Personal information
- Date of birth: 7 December 1978 (age 46)
- Place of birth: Lozova, Kharkiv Oblast, Ukrainian SSR
- Height: 1.86 m (6 ft 1 in)
- Position(s): Goalkeeper

Senior career*
- Years: Team / Apps / (Gls)
- 1997–1998: FC Metalist Kharkiv / 2 / (0)
- 1997–1998: → FC Metalist-2 Kharkiv / 31 / (0)
- 2001–2003: FC Arsenal Kharkiv / 64 / (0)
- 2004: FC Atyrau / 18 / (0)
- 2005–2010: FC Shakhter Karagandy / 9 / (0)
- 2011: FC Akzhayik / 15 / (0)
- 2015: FC Start Chuhuiv / 4 / (0)
- 2016: FC Druzhba Kharkiv / 8 / (0)
- 2017–2018: FC Kvadro Pervomaiskyi / 16 / (0)

Managerial career
- 2013–2015: FC Helios Kharkiv (assistant)
- 2016: FC Metalist Kharkiv (assistant)

= Serhiy Sarana =

Ukrainian footballer

Serhiy Sarana (born 7 December 1978) is a professional footballer.
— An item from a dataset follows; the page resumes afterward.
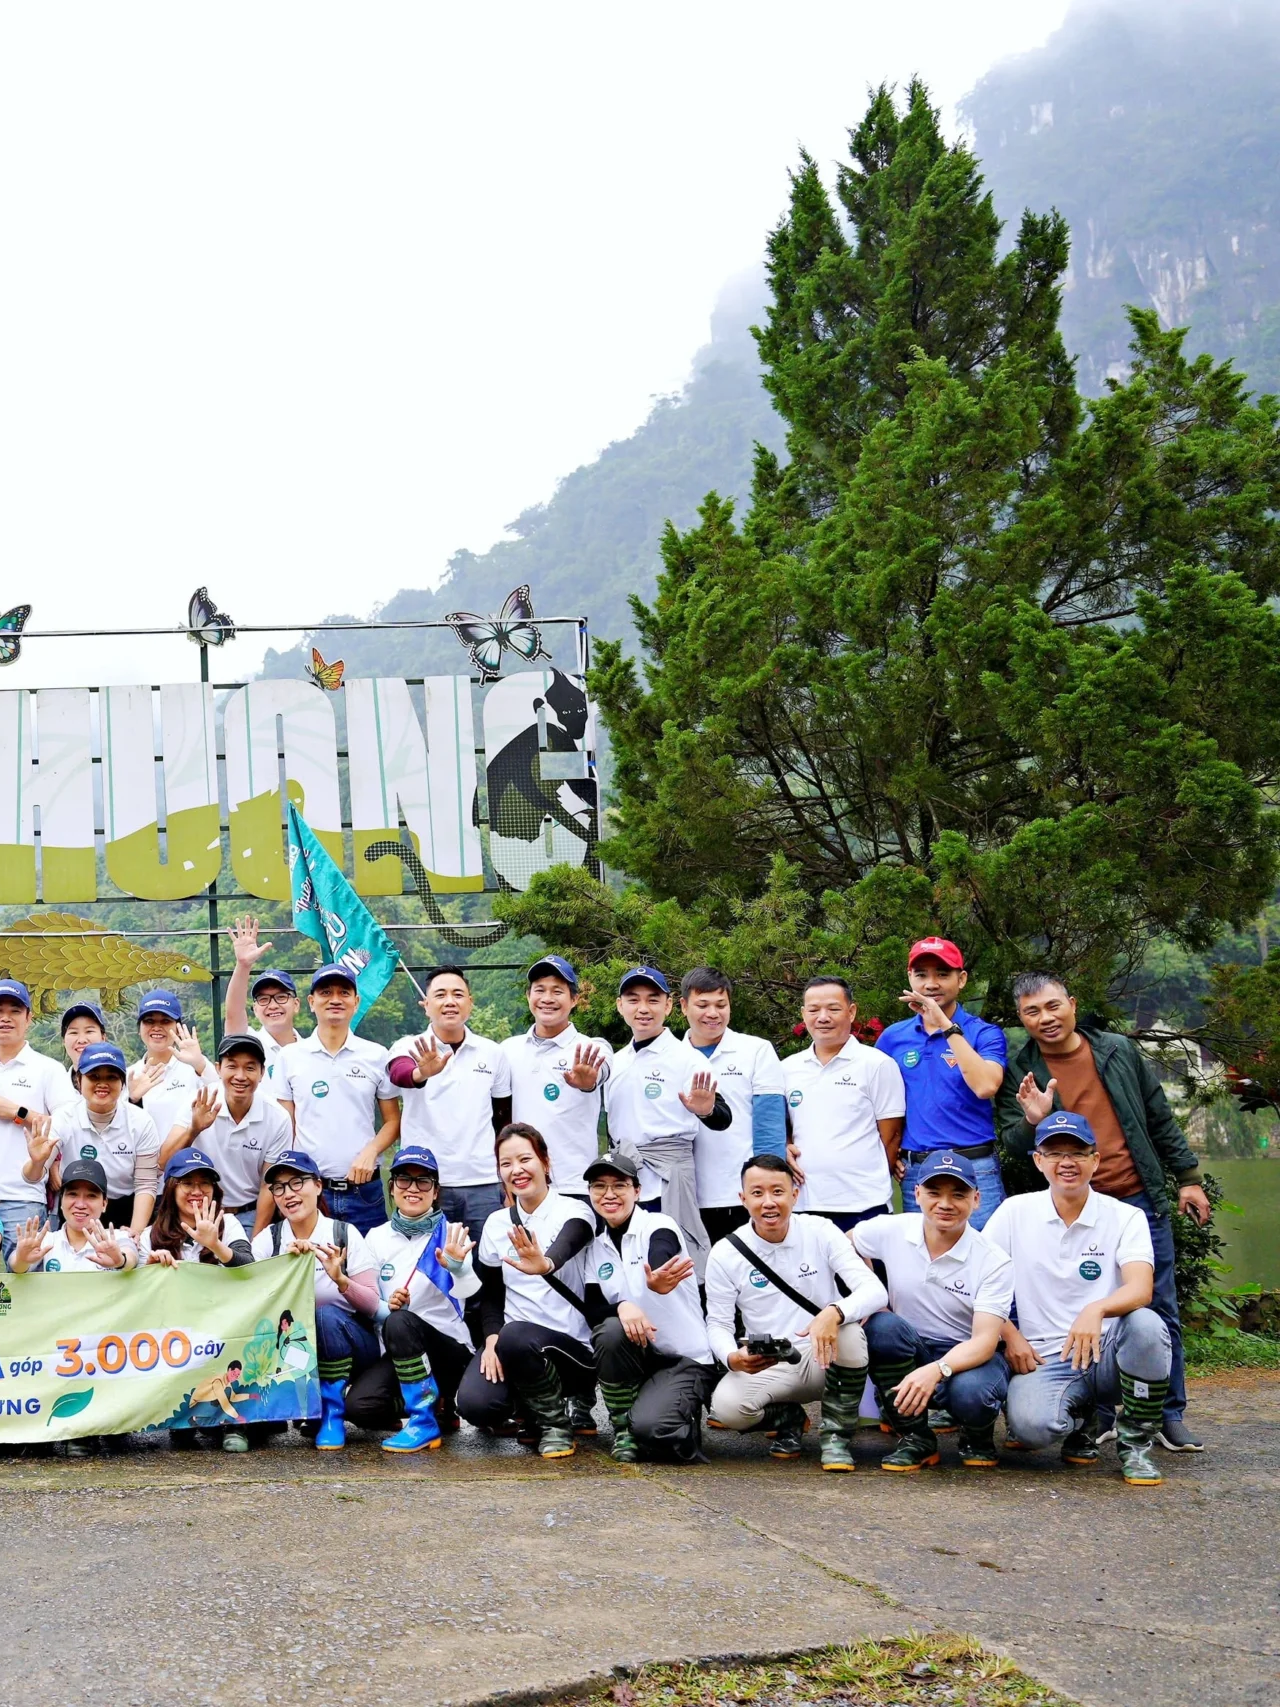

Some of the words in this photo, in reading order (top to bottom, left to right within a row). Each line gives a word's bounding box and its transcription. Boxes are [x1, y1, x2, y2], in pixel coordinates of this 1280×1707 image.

He made his professional debut in the Ukrainian Premier League in 1996 for FC Metalist Kharkiv. He was a main goalie for Arsenal Kharkiv in the beginning of the 2000s. In 2004, he moved to Kazakhstan. After a brief stint at FC Atyrau he moved to Karaganda club FC Shakhter.

==Honours==
- Kazakhstan Premier League bronze: 2007.